Task brief:
Would you transcribe each entry precisely as it stands, setting aside any images?

[[ Excerpted data, beginning ]]

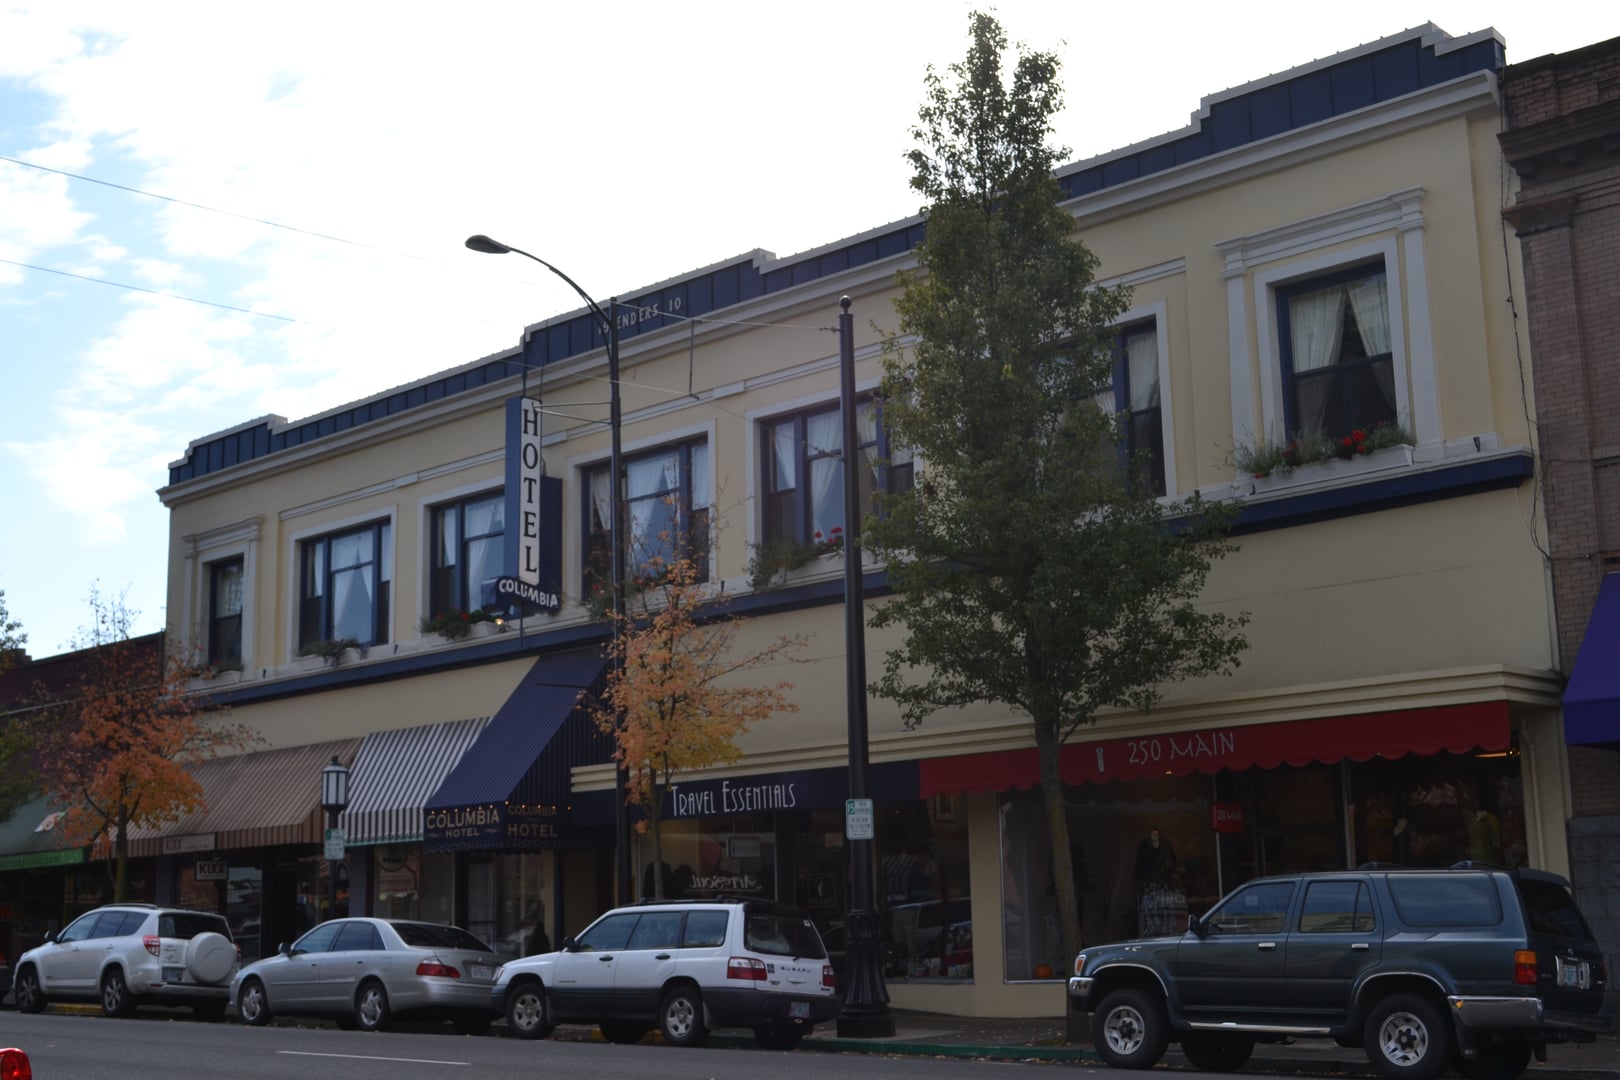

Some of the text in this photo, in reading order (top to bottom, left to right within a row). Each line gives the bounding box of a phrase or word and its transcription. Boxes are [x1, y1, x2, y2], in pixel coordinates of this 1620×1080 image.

[668, 296, 682, 312] 10
[523, 409, 538, 573] HOTEL
[498, 578, 559, 609] COLUMBIA
[1127, 731, 1235, 765] 250 MAIN
[671, 780, 796, 817] TRAVEL ESSENTIALS
[426, 809, 500, 830] COLUMBIA
[507, 804, 558, 817] COLUMBIA
[445, 827, 481, 839] HOTEL
[507, 823, 558, 838] HOTEL
[199, 863, 225, 874] KIXX
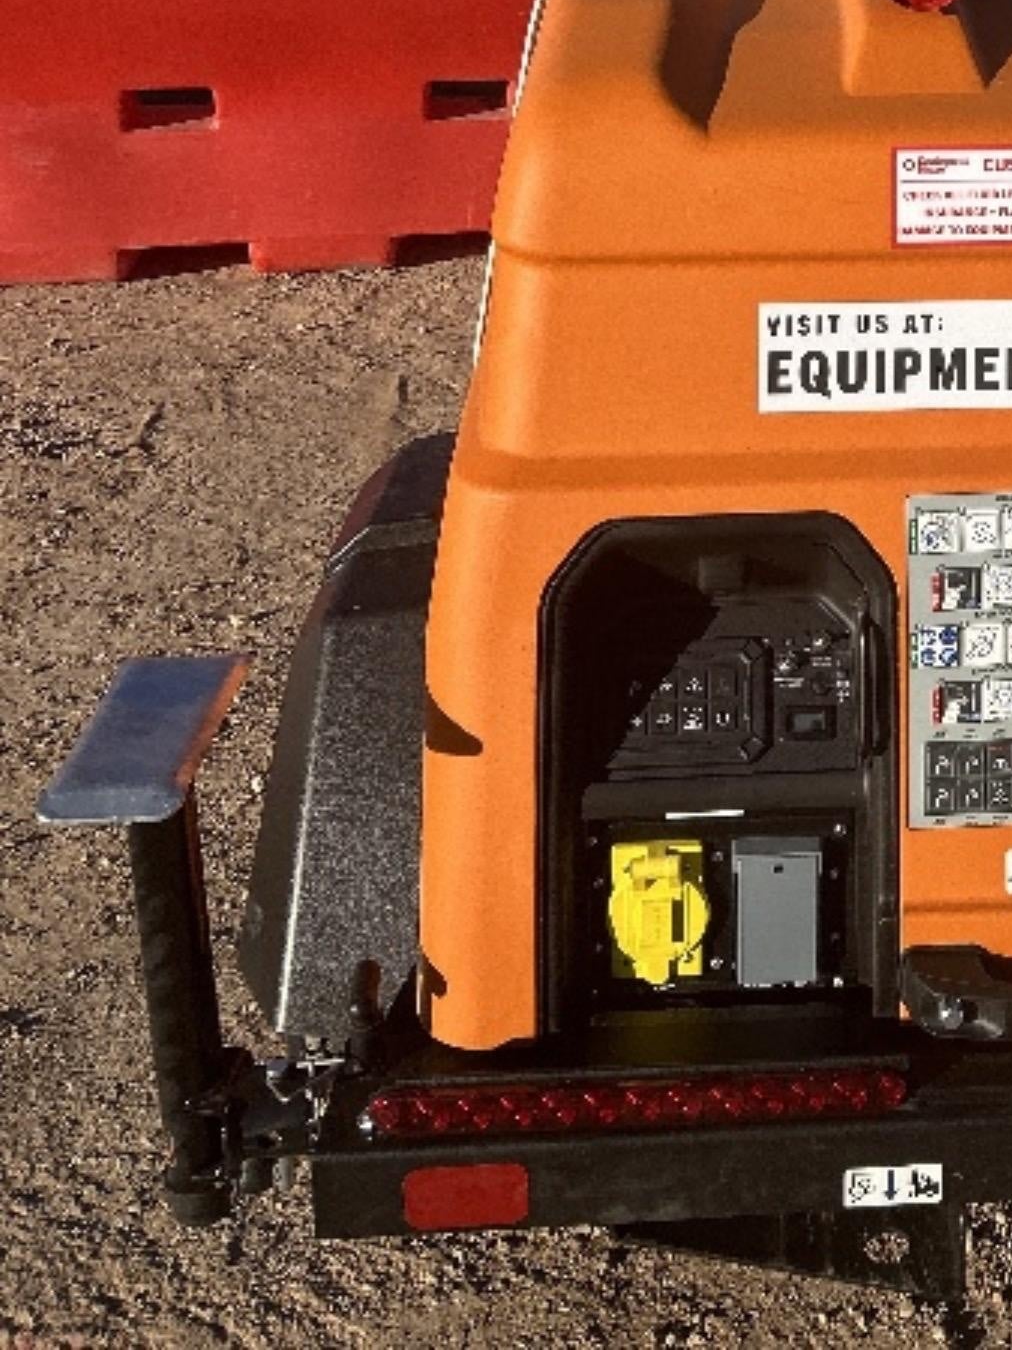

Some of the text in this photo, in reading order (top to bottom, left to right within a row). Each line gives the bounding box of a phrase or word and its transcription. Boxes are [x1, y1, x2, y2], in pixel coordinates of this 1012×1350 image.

[766, 313, 945, 337] VISIT US AT:
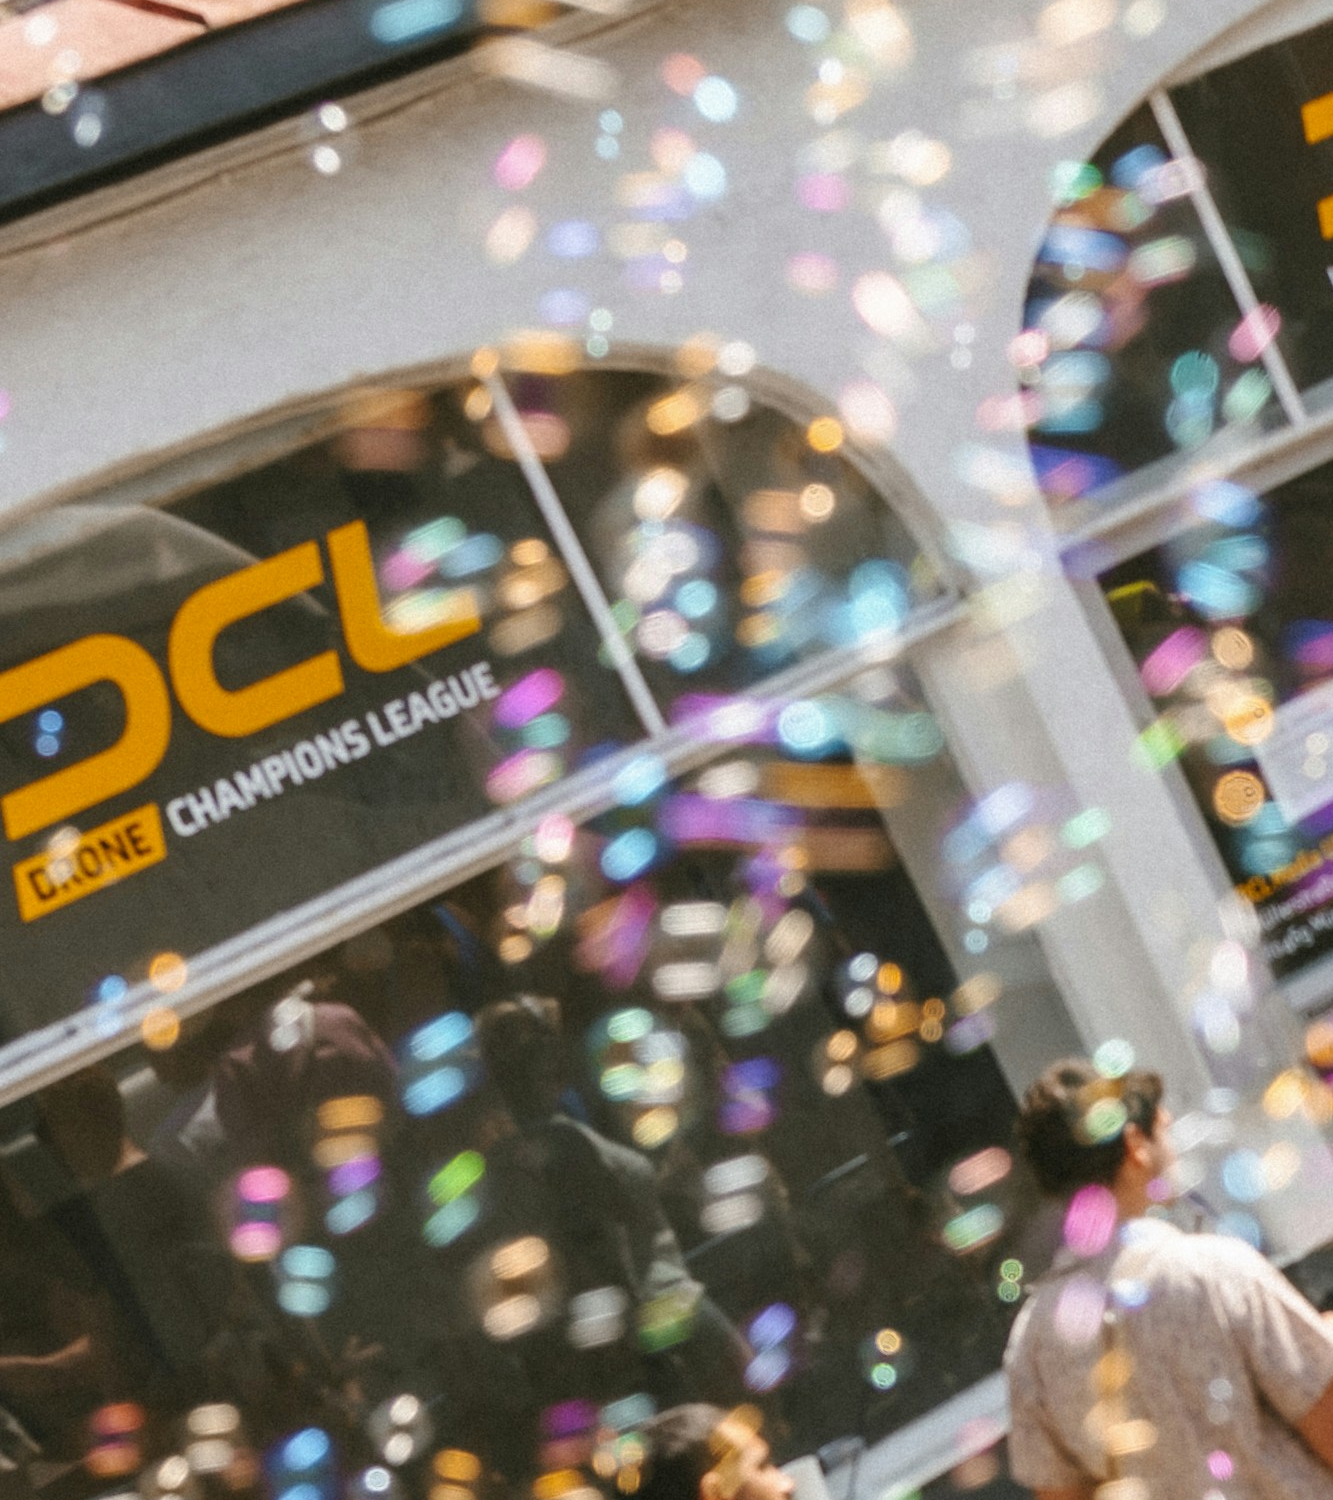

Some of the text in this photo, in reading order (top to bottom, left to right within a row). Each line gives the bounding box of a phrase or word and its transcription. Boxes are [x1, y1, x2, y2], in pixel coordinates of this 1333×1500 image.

[0, 519, 483, 842] DCL
[28, 662, 502, 902] DRONE CHAMPIONS LEAGUE
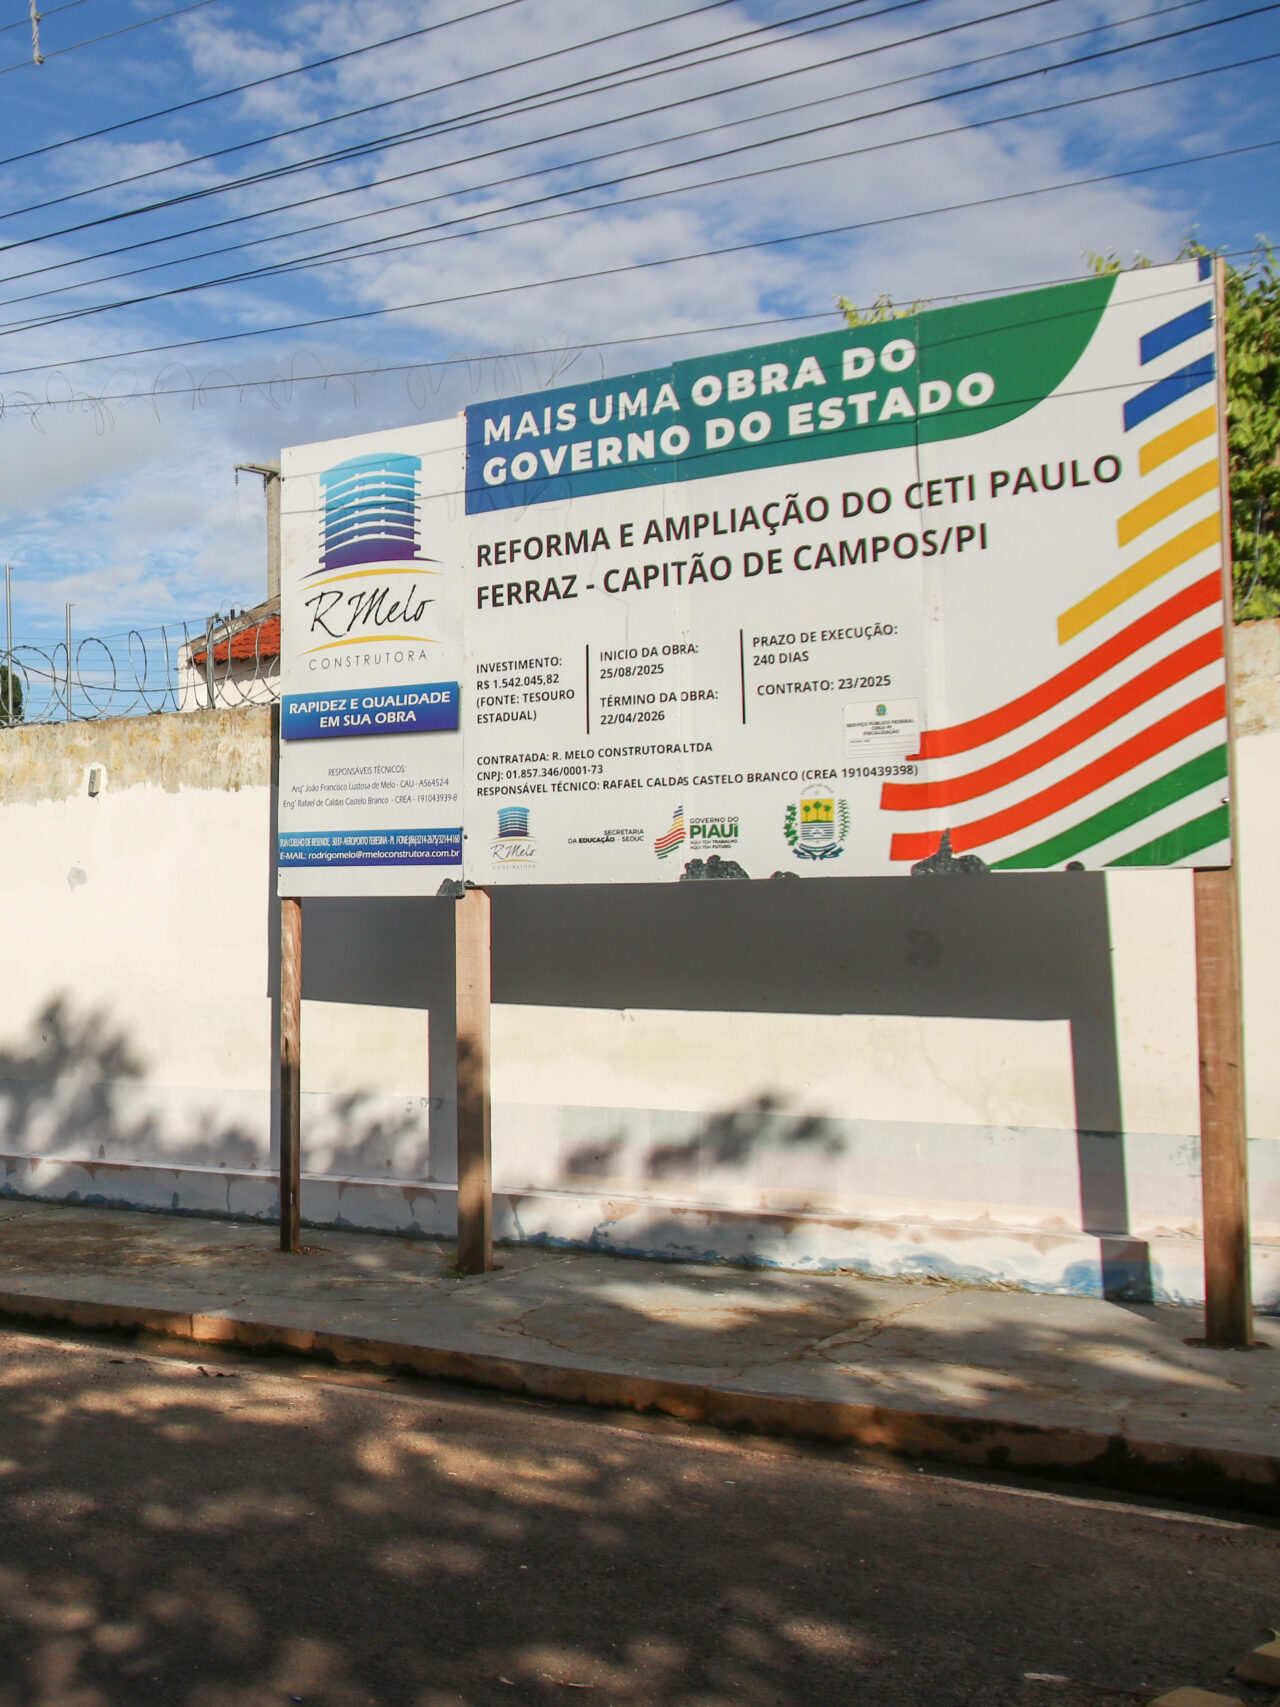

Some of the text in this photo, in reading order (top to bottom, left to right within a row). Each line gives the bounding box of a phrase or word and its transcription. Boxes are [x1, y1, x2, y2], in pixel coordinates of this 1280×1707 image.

[[ Excerpted data, end ]]

Reply:
Some of the text in this photo, in reading order (top to bottom, left to right within a row). Each line gives the bounding box of a phrase or word and its transcription. Boxes are [x1, y1, x2, y2], in pixel coordinates of this 1620×1080 image.

[668, 296, 682, 312] 10
[523, 409, 538, 573] HOTEL
[498, 578, 559, 609] COLUMBIA
[1127, 731, 1235, 765] 250 MAIN
[671, 780, 796, 817] TRAVEL ESSENTIALS
[426, 809, 500, 830] COLUMBIA
[507, 804, 558, 817] COLUMBIA
[445, 827, 481, 839] HOTEL
[507, 823, 558, 838] HOTEL
[199, 863, 225, 874] KIXX

Some of the text in this photo, in reading order (top to bottom, left to right within a row). Each line gives the bounding box of a phrase or word and its transcription. Boxes are [x1, y1, x2, y2], in pixel coordinates of this 1012×1350 image.

[766, 313, 945, 337] VISIT US AT:

Some of the text in this photo, in reading order (top to bottom, left to right within a row). Each line gives the bounding box of a phrase or word and its transcription. Boxes are [x1, y1, x2, y2], in pixel coordinates of this 1333×1500 image.

[0, 519, 483, 842] DCL
[28, 662, 502, 902] DRONE CHAMPIONS LEAGUE

Some of the text in this photo, in reading order (top to bottom, left to right within a row). Each line gives the bounding box of a phrase or word and its transcription. Boxes are [x1, y1, x2, y2], in pixel coordinates of this 1280×1707 image.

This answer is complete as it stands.